Com os olhos em Véronique, divertido com o português do italiano e até entusiasmado com a campanha de lançamento e toda a estratégia de marketing da obsessiva Ovelha, mas, acima de tudo, deliciado com o seu ensanguentado T-bone – Gustavo nunca falhava no ponto certo –, Leão sentia-se feliz e satisfeito. Sempre preferira a satisfação à felicidade, por ser mais palpável e realista. Naquele momento, porém, percebia perfeitamente a coexistência de ambas no seu espírito. Nada como uma boa refeição para alegrar a alma. Nem precisavam de o convencer.
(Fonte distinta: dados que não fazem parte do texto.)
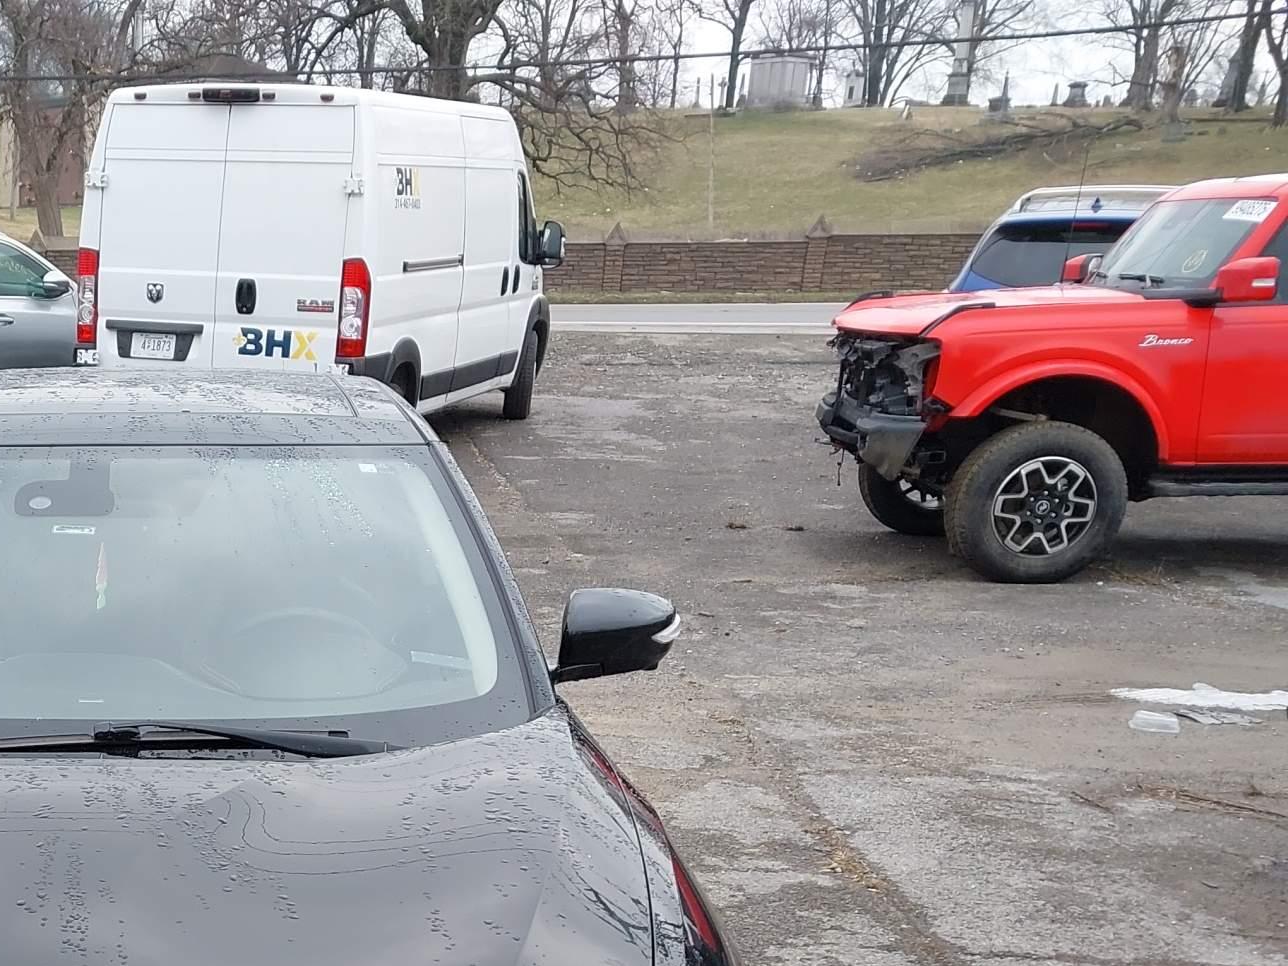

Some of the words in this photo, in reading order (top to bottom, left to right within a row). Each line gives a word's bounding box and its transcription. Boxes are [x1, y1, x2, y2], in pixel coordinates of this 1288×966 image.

[396, 168, 421, 196] BHX
[297, 298, 334, 306] RAM
[237, 326, 318, 361] BHX
[1138, 334, 1194, 347] Bronco
O perfume a campo que lhe chegava do cabelo de Véronique – e que percebeu que se devia a produtos caseiros que ela própria fabricava, como revelaria mais à frente – e um bolo de alfarroba sugerido pelo chef, já tinham fechado o negócio muito antes de o expressarem por palavras.
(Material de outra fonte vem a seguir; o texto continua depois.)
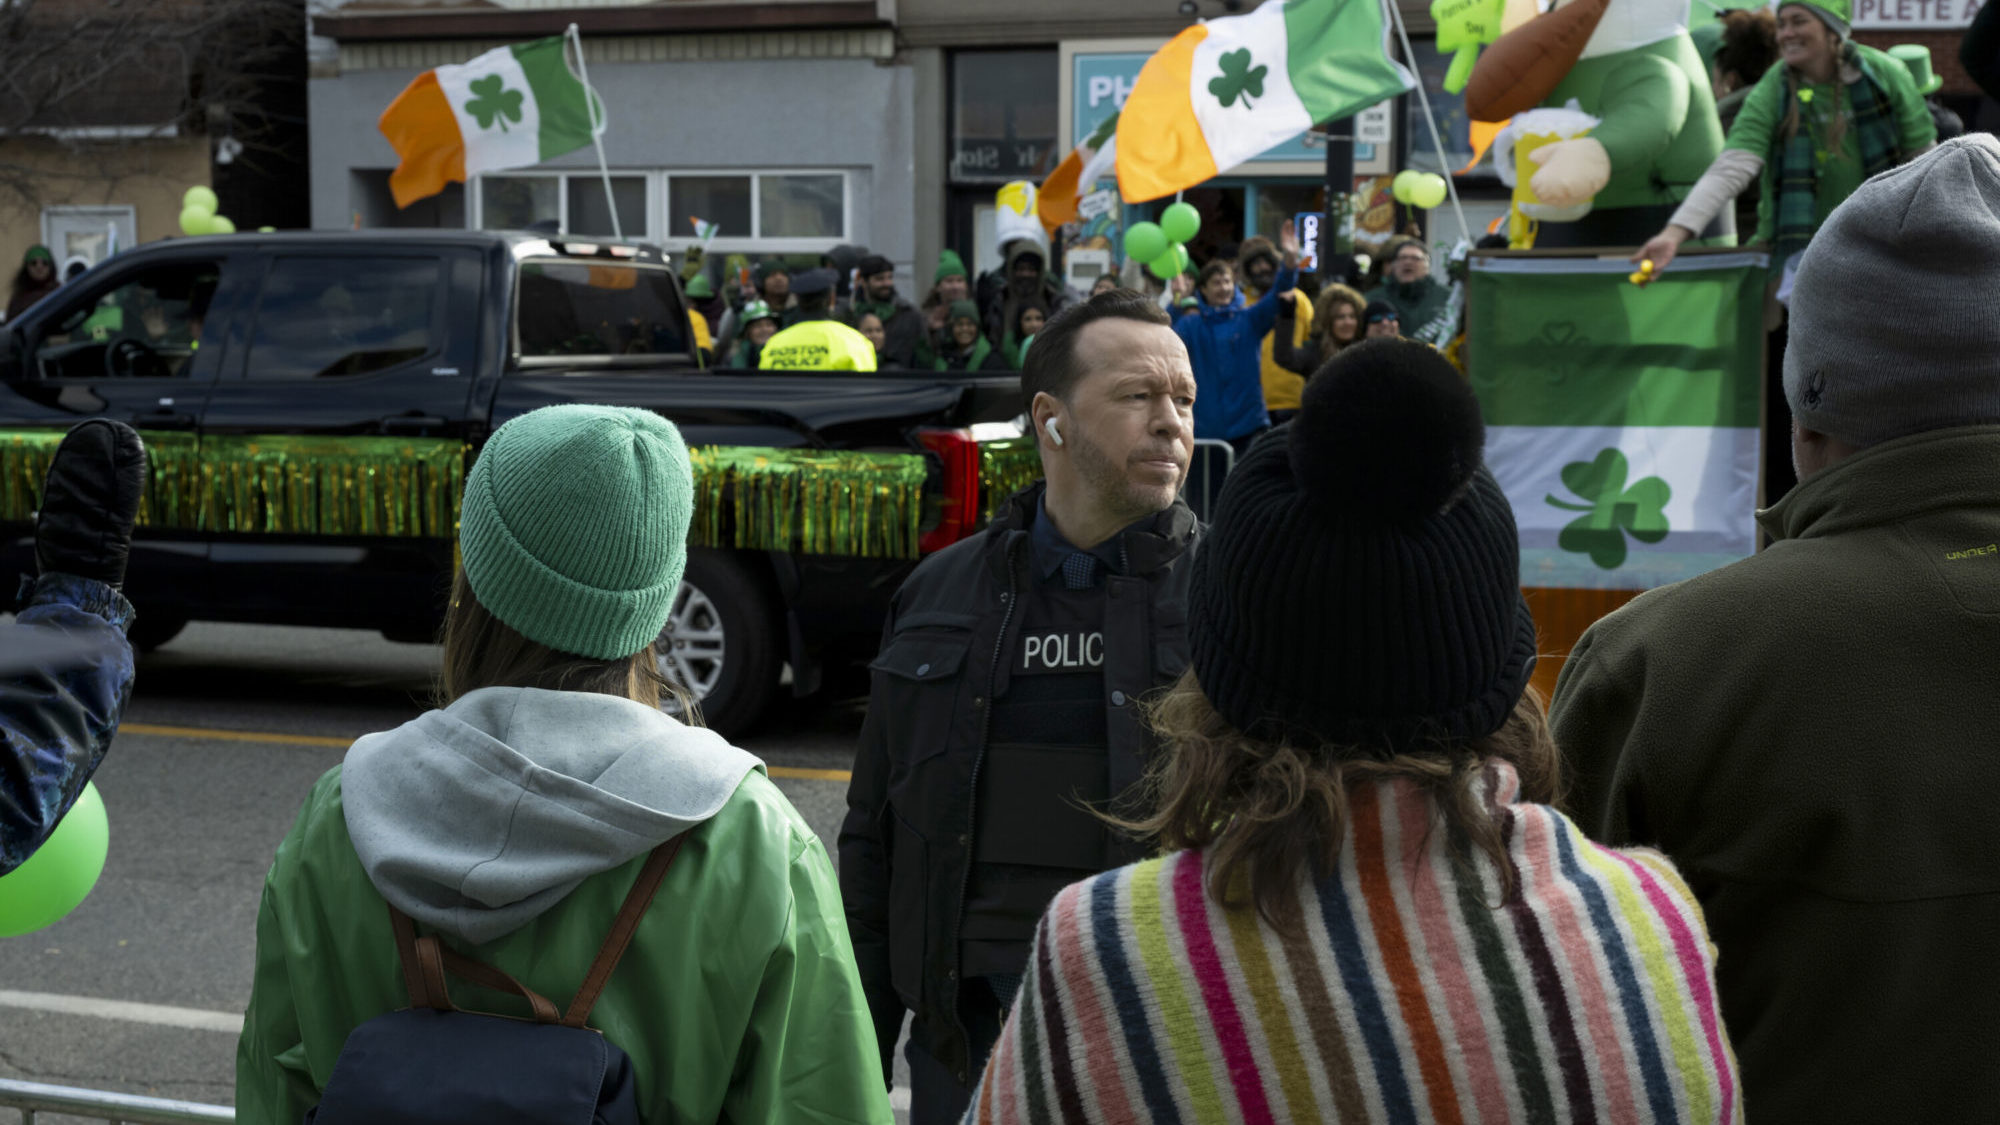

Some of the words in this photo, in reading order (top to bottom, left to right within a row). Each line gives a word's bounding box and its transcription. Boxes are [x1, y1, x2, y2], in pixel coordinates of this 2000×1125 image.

Vache, Cabrezi e Ovelha passaram o ano seguinte imersos em trabalho, multiplicando-se em tarefas, afazeres e todo o tipo de atividades e contactos para tornar a sua plataforma na mais diversificada e rica, enquanto representante dos novos valores nacionais, de artistas a designers, de arquitetos a tecelões, de ceramistas a joalheiros… Todos os que erguessem com esmero, orgulho e originalidade a bandeira do handmade e passionmade, do made in Portugal e artesanal eram chamados a intervir. Mas o chamamento trouxe mais do que se esperava, em quantidade e qualidade, pelo que o projeto foi ganhando uma dimensão, peso e volume inimagináveis inicialmente. Leão já só ouvia sons de máquina registadora, uma relíquia vintage que soava a dinheiro a entrar. Entrava diretamente na sua conta, já que todos os interessados, segundo determinou, deveriam participar com uma pequena quotização monetária, que passou depois a uma não tão pequena verba e culminou numa taxa exclusiva de admissão que já elegia mais em função da capacidade financeira para ingressar no projeto do que pela mais-valia artística ou qualidade do trabalho.
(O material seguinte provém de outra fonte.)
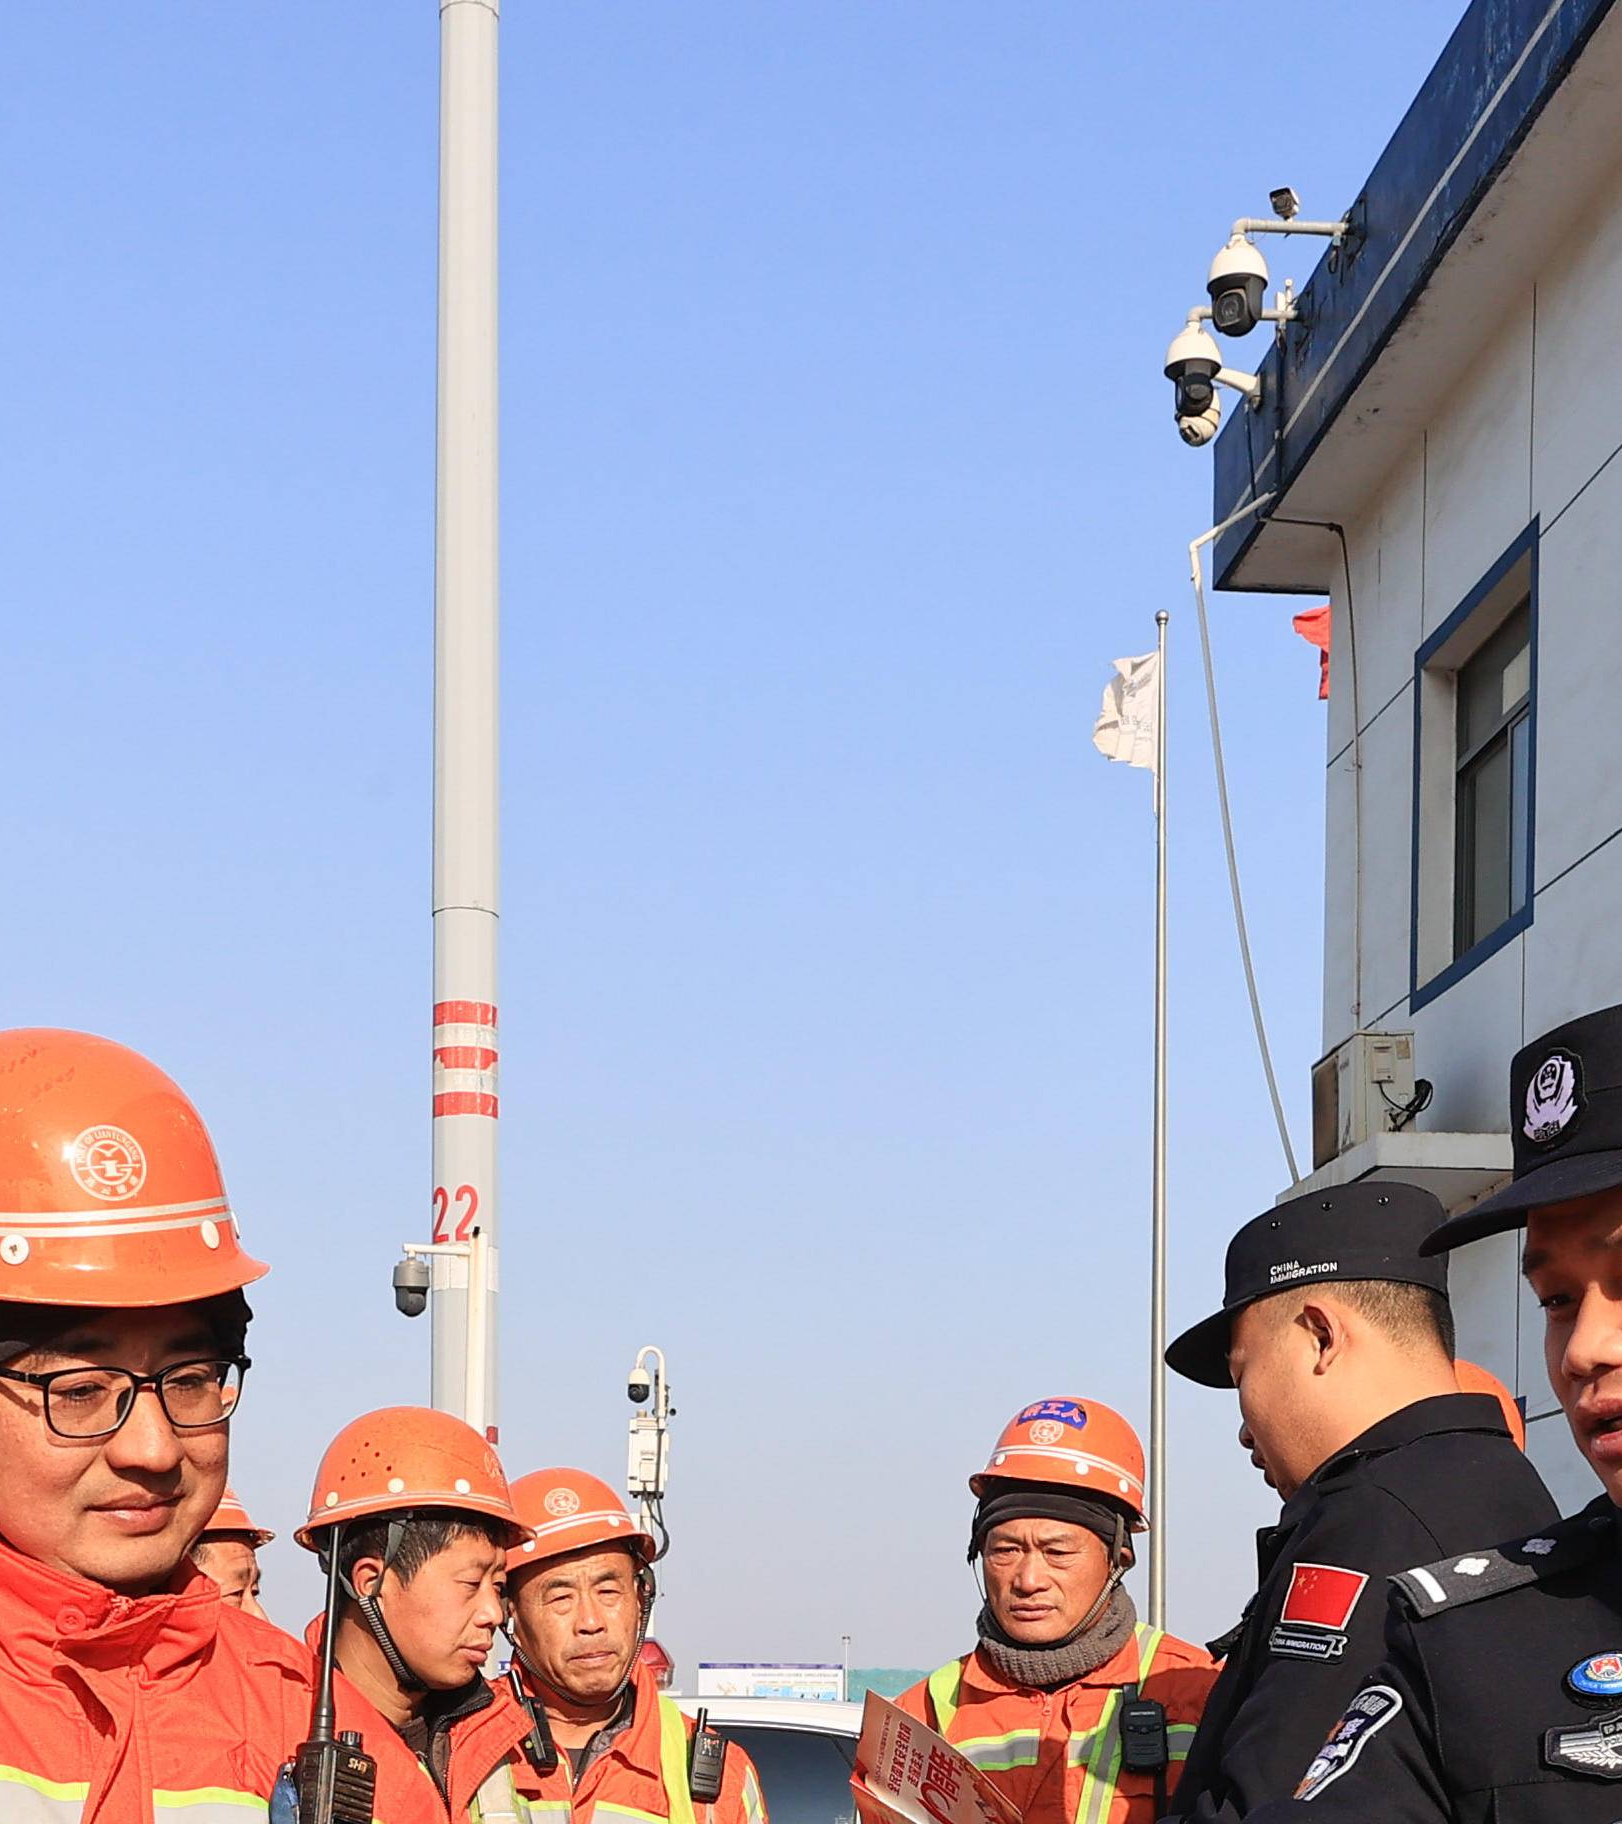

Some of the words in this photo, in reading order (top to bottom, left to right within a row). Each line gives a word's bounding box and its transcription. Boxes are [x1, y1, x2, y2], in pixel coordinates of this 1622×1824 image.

Quando Vache, Ovelha e Cabrezi, que geriam outras áreas do projeto, se aperceberam do esquema de Leão, era já tarde demais. Eles seriam sempre os donos do conceito – ou assim acreditavam –, mas o dono do negócio era Leão, bem como dos lucros, do mérito social e cultural, dos louros e do próprio espaço fabril, o qual esventraram e por onde circulavam os novos artesãos e onde o cheiro a madeira, tintas, ferro, lãs, tecidos, criatividade e até alguma mediocridade e mau gosto se misturavam no ar. Aquela outra parte referente à divisão de lucros esclarecia-se facilmente: Leão – Tudo, Sócios – Zero. Consolava-os a experiência ganha e a paixão partilhada. O resto era mesmo zero. A bem da verdade, por essa altura, Leão já nem necessitava dos préstimos de nenhum dos ‘sócios’, mas custava-lhe deixar de ver Véronique…
Moral da história:
Martinis e T-bone não combinam e partilhar boas ideias não é uma boa ideia. Atentem nisso!